Regisseur Paul Haggis ist vor allem für seine Oscargekrönten Drehbücher für Clint Eastwoods „Million Dollar Baby“ (2004) und für „L.A. Crash“ (2004) bekannt, bei dem er auch Regie führte. Im Gegensatz zu diesen Filmen nimmt sich das von Regisseur Haggis selbst verfasste Drehbuch zu „72 Stunden – The Next Three Days“ jedoch als zu uneinheitlich aus. Die erste Hälfte etabliert nicht nur die Figuren, insbesondere Johns unbedingte Liebe zu seiner Frau und seinen unerschütterlichen Glauben an ihre Unschuld. Sie wird darüber hinaus mit allerlei Details überfrachtet, etwa mit den YouTube-Videos, von denen sich John beispielsweise für das Knacken von Türschlössern mit Hilfe eines Tennisballs Verbrechertipps holt. Je wahrscheinlicher Paul Haggis Johns „Verbrecher-Lehre“ erscheinen lassen will, umso unglaubwürdiger wirkt sie aber. Selbst auf die lange in der Schwebe gehaltene Frage, ob Laura schuldig oder unschuldig ist, fühlt sich der Drehbuchautor und Regisseur genötigt, mittels Rückblenden eine bis ins allerletzte Detail eindeutige Antwort zu geben – was nicht gerade von der Subtilität der Inszenierung zeugt.

Mit dem schleppenden ersten Teil kontrastiert die zweite Filmhälfte, in der „72 Stunden – The Next Three Days“ zu einem adrenalingeladenen Actionthriller wird. Obwohl auch hier teilweise mit unnötigen, unwahrscheinlichen Elementen zusätzlich Spannung erzeugt wird, stellt Paul Haggis unter Beweis, dass er einen Actionfilm handwerklich inszenieren kann: Der von der rastlosen Filmmusik von Danny Elfman und Alberto Iglesias unterstützte, sorgfältige Schnitt lässt einerseits den Zuschauer bei der Parallelmontage den Überblick in keinem Augenblick verlieren, erzeugt andererseits genretypische Spannung, ob das waghalsige Unternehmen gelingen wird.

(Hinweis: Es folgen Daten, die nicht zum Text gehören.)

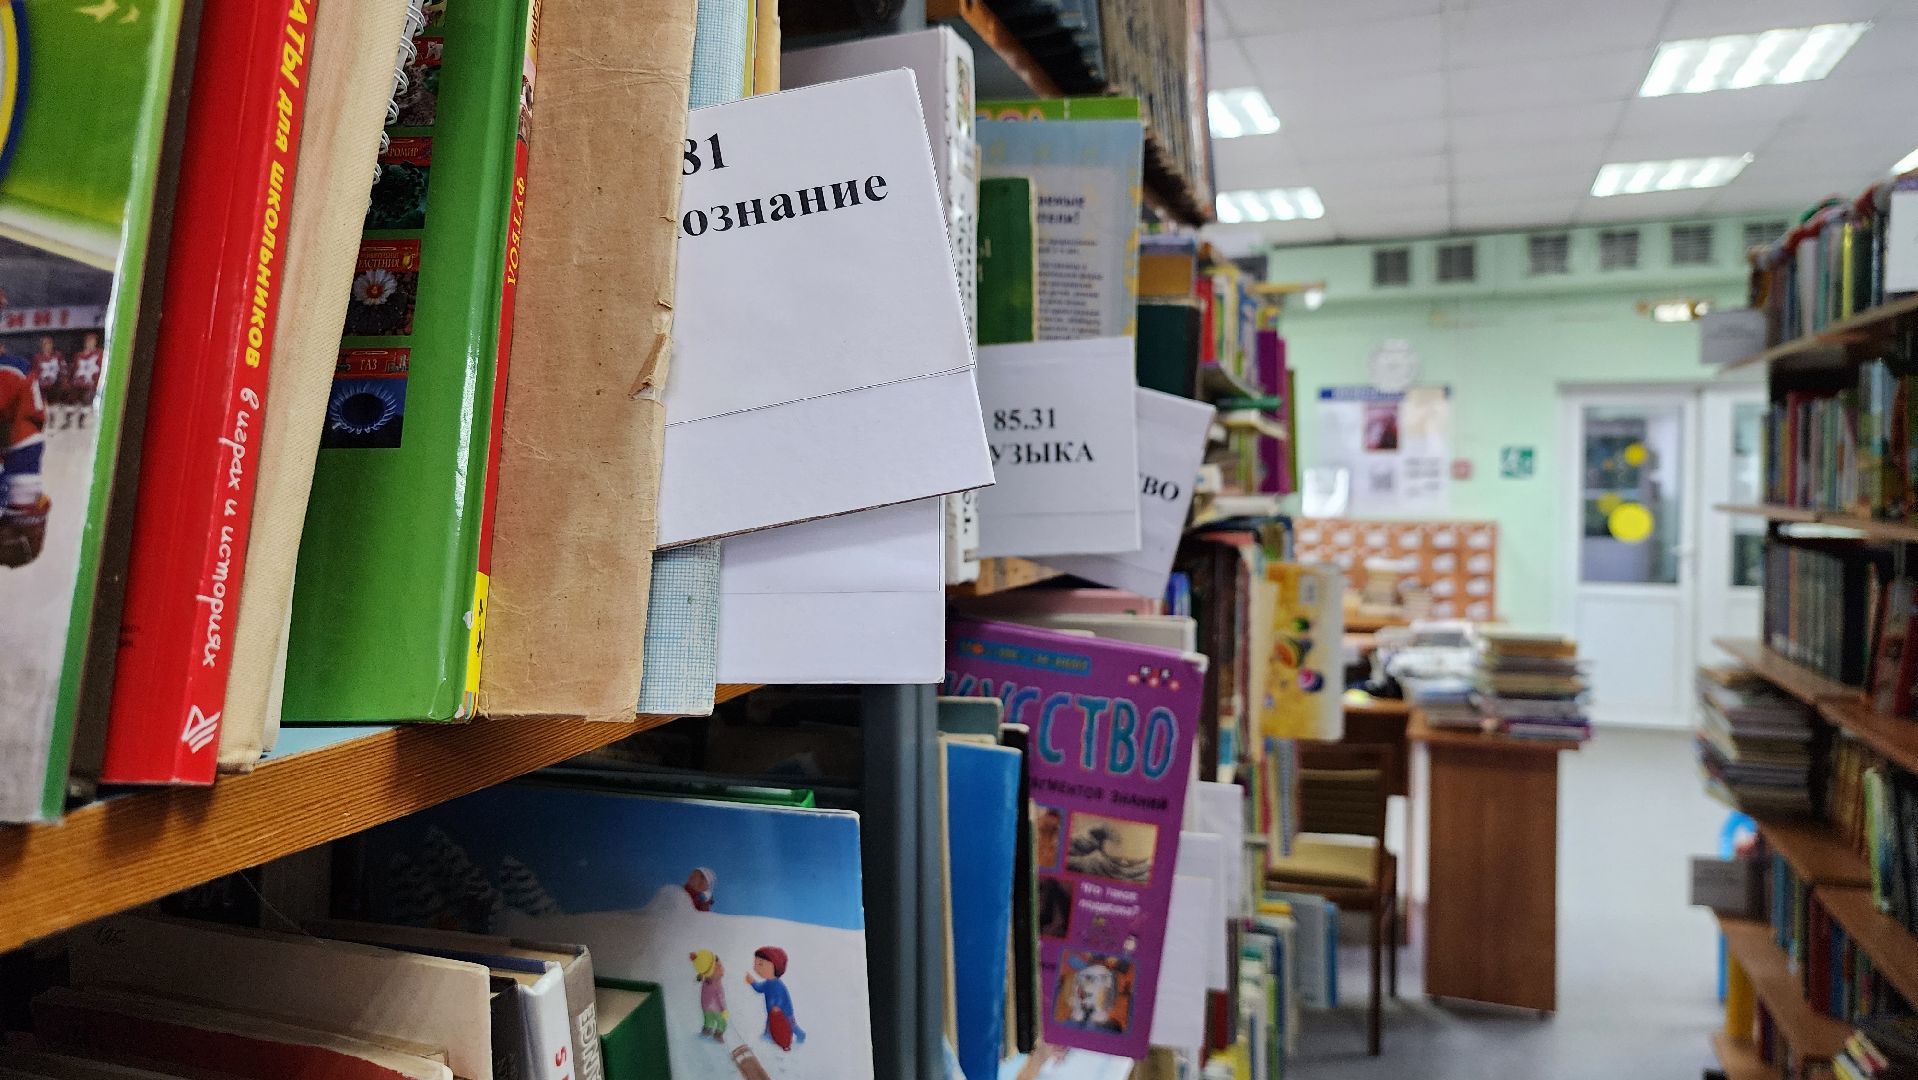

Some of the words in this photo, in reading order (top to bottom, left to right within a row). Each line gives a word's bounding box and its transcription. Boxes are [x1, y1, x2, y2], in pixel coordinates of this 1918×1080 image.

[280, 0, 311, 88] АТЫ
[507, 176, 526, 286] ФУТБОЛ
[679, 175, 889, 239] ознание
[360, 358, 378, 371] ГАЗ
[217, 410, 250, 491] играх
[993, 407, 1057, 431] 85.31
[223, 499, 238, 516] и
[1139, 471, 1180, 501] ВО
[195, 525, 234, 668] историях
[942, 670, 1180, 781] ССТВО

Trotz logischer Unstimmigkeiten und inszenatorischer Schwächen besticht jedoch in „72 Stunden – The Next Three Days“ das Psychogramm seiner Hauptfigur, die zudem von Russell Crowe mit zurückgenommenem Spiel verkörpert wird. Crowes John Brennan überzeugt als Durchschnittsbürger, der aus Liebe zu seiner Familie über sich hinauswächst, als Jedermann, der es mit seinem unbedingten Willen schafft, aus der auswegslosen Lage herauszubrechen.